Severe floods frequently occur in Northeast China, which may cause huge socio-economic losses [1,2], such as the flood in the Songliao River Basin in 1995, the flood in the Songneng River Basin in 1998, and the mega-flood in the Raoyang River Basin in 2022. In terms of short-term forecasts, a strong indication of the forthcoming flash flood could have been provided at least 2 days in advance based on the WRF-based HEC-HMS-simulated flood peak [3]. Additionally, the WRF model assimilating radar data and in situ weather stations showed very good predictive capability for rainfall timing and location, thus supporting accurate river flow peak forecasting with the hydrological model Continuum [4]. Liaoning Province is located in the southern part of Northeast China. The heavy rainfall in Liaoning is mostly concentrated in June–August, which is characterized by obvious locality, suddenness, and great difficulty in forecasting [5]. Climate change has already affected many extreme weather events and events in every region of the globe [6]. Therefore, precipitation forecasting in the flood season plays an important role in flood prevention and mitigation in Liaoning.
At present, the flood-season climate forecast operations in China mainly use a combination of dynamical climate models and statistical methods.
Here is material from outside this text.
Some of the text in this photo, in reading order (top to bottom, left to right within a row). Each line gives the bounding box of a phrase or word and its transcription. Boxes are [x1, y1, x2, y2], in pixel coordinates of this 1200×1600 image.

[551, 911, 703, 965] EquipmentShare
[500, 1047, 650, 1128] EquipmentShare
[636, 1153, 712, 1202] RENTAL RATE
The BCC_CSM model is a coupled atmosphere–ocean model developed by the National Climate Center (NCC) of China, and it has a good performance in simulating the precipitation and temperature in China but cannot predict the geopotential-height field well [7,8,9,10]. The European Centre for Medium-Range Weather Forecasts (ECMWF) model has a high level of forecasting [11,12]. The National Centers for Environmental Prediction (NCEP) model is not prominent in the regional precipitation forecast in China but performs well in the forecast of precipitation spatial distribution [13]. In the evaluation of the dynamical climate models, Chi et al. [14] used the prediction score (PS) method to assess the performance of the BCC_CSM model in predicting the pre-flood-season precipitation in the Fujian Province of China, and they found that there are large inter-annual variations in the PS score. Chen [15] used the anomaly coefficient method to evaluate the precipitation forecast of DERF2.0 (Dynamical Extension Regional Forecast Model Version 2.0), which was also developed by NCC, and found that the prediction effect has obvious monthly variations. Ma et al. [16] evaluated the multiscale forecasting skill of the NCEP Climate Forecast System version 2 (NCEP_CFSv2) and found that the forecasting skill is not gradually improved with the shortening of forecast leading time. Instead, there is an optimal forecast leading time. Furthermore, de Andrade, F.M. et al. [17] assessed sub-seasonal global precipitation hindcast quality from all sub-seasonal to seasonal (S2S) prediction project models. The deterministic forecast quality of weekly accumulated precipitation was verified using different metrics and hindcast data considering lead times up to 4 weeks. The model’s rank showed ECMWF, UKMO, and KMA as the top scoring models. Zhang et al. [18] comprehensively evaluated the S2S precipitation forecasts from the NMME-2 dataset over the contiguous United States (CONUS) and during the study period from 1982 to 2011. Three aspects of precipitation forecast capabilities are compared and analyzed: bias, skill scores, and the ability to predict extreme precipitation events. The results show that the forecast biases are not sensitive to lead times but are seasonally dependent of all NMME-2 models.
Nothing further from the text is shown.